Con la entrada en vigor del nuevo Reglamento de Sesiones de la Suprema Corte de Justicia de la Nación (SCJN), a partir del 1 de septiembre de 2025, la operación del máximo tribunal enfrenta riesgos relacionados con la concentración de funciones, la reducción de ministros y la posible discrecionalidad en la agenda de casos.
El reglamento, que sustituye al esquema anterior de Salas y Pleno, deja al tribunal con nueve integrantes que deberán resolver la totalidad de los asuntos, lo que incrementa la posibilidad de cuellos de botella en la atención de expedientes. Antes de la reforma, las Salas resolvían un volumen mayor de casos ordinarios, mientras que el Pleno se concentraba en asuntos constitucionales.
Uno de los puntos que generan preocupación es la limitación estricta de tiempos de intervención: diez minutos para el ministro ponente, siete en la primera ronda y cinco en la segunda, con respuestas breves. Este formato, si bien busca agilizar los debates, podría afectar la deliberación profunda en casos de alto impacto.
La Presidencia de la Corte adquiere amplias facultades para conducir los debates, ordenar recesos y variar el orden de las listas con mayoría simple. Esto, sumado al plazo de solo tres días de anticipación para la publicación de listas y proyectos, deja espacio a cuestionamientos sobre la selección y priorización de los casos.
Otro punto señalado es la posibilidad de retirar proyectos durante la sesión o re-listarlos en un plazo de hasta treinta días, mecanismo que podría utilizarse como herramienta dilatoria. A ello se agrega la inclusión de un criterio inusual: la rotación de ponencias vinculada a los resultados del Proceso Electoral Extraordinario 2024-2025, aspecto que abre debate sobre la relación entre resoluciones jurisdiccionales y criterios políticos.
Lo destacable: innovaciones y nuevos compromisos
Entre las novedades del reglamento se encuentra la obligatoriedad de publicar versiones públicas de los proyectos junto con las listas, lo que fortalece la transparencia en los procesos de decisión.
Se establece también un marco para garantizar accesibilidad a pueblos indígenas, personas afromexicanas y grupos en situación de vulnerabilidad, mediante intérpretes, traducciones y formatos de lectura accesible. Asimismo, se abre la posibilidad de realizar sesiones extraordinarias en territorio, en coordinación con autoridades comunitarias.

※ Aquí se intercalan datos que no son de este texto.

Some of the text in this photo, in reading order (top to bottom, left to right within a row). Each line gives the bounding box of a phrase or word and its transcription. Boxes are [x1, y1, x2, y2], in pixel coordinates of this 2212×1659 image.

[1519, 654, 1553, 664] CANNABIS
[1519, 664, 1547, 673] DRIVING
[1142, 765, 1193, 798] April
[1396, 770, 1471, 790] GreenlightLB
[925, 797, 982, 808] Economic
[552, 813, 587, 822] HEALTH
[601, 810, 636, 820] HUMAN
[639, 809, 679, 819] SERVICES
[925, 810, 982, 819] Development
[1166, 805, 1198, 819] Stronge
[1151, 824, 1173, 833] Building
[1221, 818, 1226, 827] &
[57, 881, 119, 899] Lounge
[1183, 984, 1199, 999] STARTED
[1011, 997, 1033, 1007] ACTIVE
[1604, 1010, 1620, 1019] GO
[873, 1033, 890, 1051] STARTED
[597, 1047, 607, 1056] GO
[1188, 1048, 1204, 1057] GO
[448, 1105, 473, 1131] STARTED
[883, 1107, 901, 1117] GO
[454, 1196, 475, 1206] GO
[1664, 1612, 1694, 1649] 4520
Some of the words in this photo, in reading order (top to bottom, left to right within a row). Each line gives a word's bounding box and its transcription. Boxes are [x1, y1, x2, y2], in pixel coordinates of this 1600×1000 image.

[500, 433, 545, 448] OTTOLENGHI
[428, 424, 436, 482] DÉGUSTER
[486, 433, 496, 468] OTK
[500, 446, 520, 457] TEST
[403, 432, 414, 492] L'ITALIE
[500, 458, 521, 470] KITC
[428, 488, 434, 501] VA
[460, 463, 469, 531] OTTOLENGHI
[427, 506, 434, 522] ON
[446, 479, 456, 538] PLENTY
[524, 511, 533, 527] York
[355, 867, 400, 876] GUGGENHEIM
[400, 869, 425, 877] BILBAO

En la organización del trabajo, se definen días específicos para tratar distintas materias: lunes y martes para asuntos de constitucionalidad, miércoles para temas penales y civiles, y jueves para materias administrativa y laboral. También se incorporan categorías de asuntos urgentes y preferentes, con prioridad en casos de libertad personal, derechos de pueblos indígenas, interés superior de la niñez y resoluciones de la Corte Interamericana de Derechos Humanos.
El nuevo reglamento marca un cambio profundo en la dinámica del máximo tribunal del país, con efectos que se reflejarán en la manera de deliberar, resolver y comunicar sus decisiones.